Yu Shicheng, Zhang Mengxian, Ye Zhaofeng, Wang Yalong, Wang Xu, Chen Ye-Guang
Guangzhou Institutes of Biomedicine and Health, Chinese Academy of Sciences, 190 Kaiyuan Avenue, Guangzhou Science Park, Luogang District, Guangzhou, 510530, China.
Guangzhou Laboratory, Guangzhou, 510700, China.
Cell Regen. 2023 Jan 5;12(1):8. doi: 10.1186/s13619-022-00143-6.
Inflammatory bowel disease (IBD) is a chronic inflammatory condition caused by multiple genetic and environmental factors. Numerous genes are implicated in the etiology of IBD, but the diagnosis of IBD is challenging. Here, XGBoost, a machine learning prediction model, has been used to distinguish IBD from healthy cases following elaborative feature selection. Using combined unsupervised clustering analysis and the XGBoost feature selection method, we successfully identified a 32-gene signature that can predict IBD occurrence in new cohorts with 0.8651 accuracy. The signature shows enrichment in neutrophil extracellular trap formation and cytokine signaling in the immune system. The probability threshold of the XGBoost-based classification model can be adjusted to fit personalized lifestyle and health status. Therefore, this study reveals potential IBD-related biomarkers that facilitate an effective personalized diagnosis of IBD.

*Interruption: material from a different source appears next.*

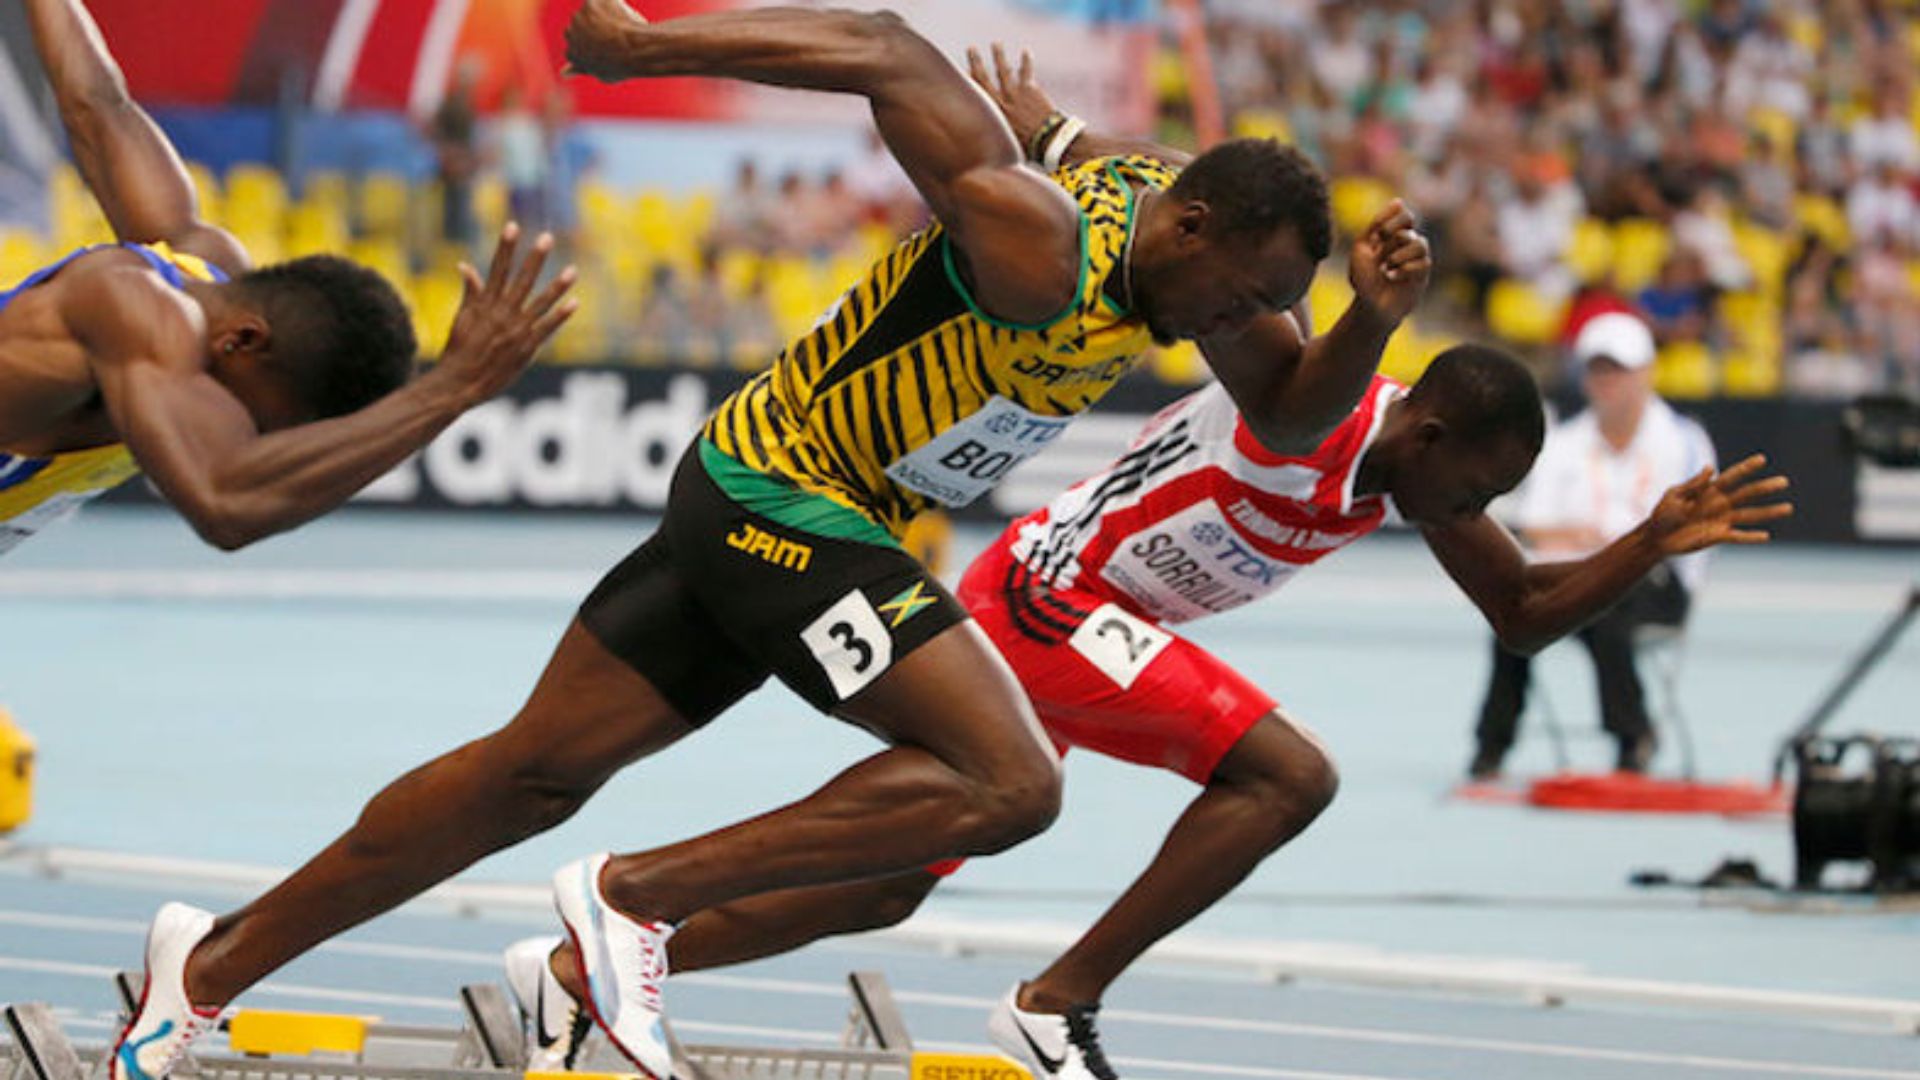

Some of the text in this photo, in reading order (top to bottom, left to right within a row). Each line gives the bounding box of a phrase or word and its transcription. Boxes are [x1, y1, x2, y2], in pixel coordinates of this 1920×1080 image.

炎症性肠病(IBD)是一种由多种遗传和环境因素引起的慢性炎症性疾病。许多基因与IBD的病因有关,但IBD的诊断具有挑战性。在此,一种机器学习预测模型XGBoost已被用于在精心进行特征选择后将IBD与健康病例区分开来。通过结合无监督聚类分析和XGBoost特征选择方法,我们成功识别出一个32基因特征,该特征能够以0.8651的准确率预测新队列中IBD的发生。该特征在中性粒细胞胞外陷阱形成和免疫系统中的细胞因子信号传导方面表现出富集。基于XGBoost的分类模型的概率阈值可以进行调整,以适应个性化的生活方式和健康状况。因此,本研究揭示了潜在的IBD相关生物标志物,有助于对IBD进行有效的个性化诊断。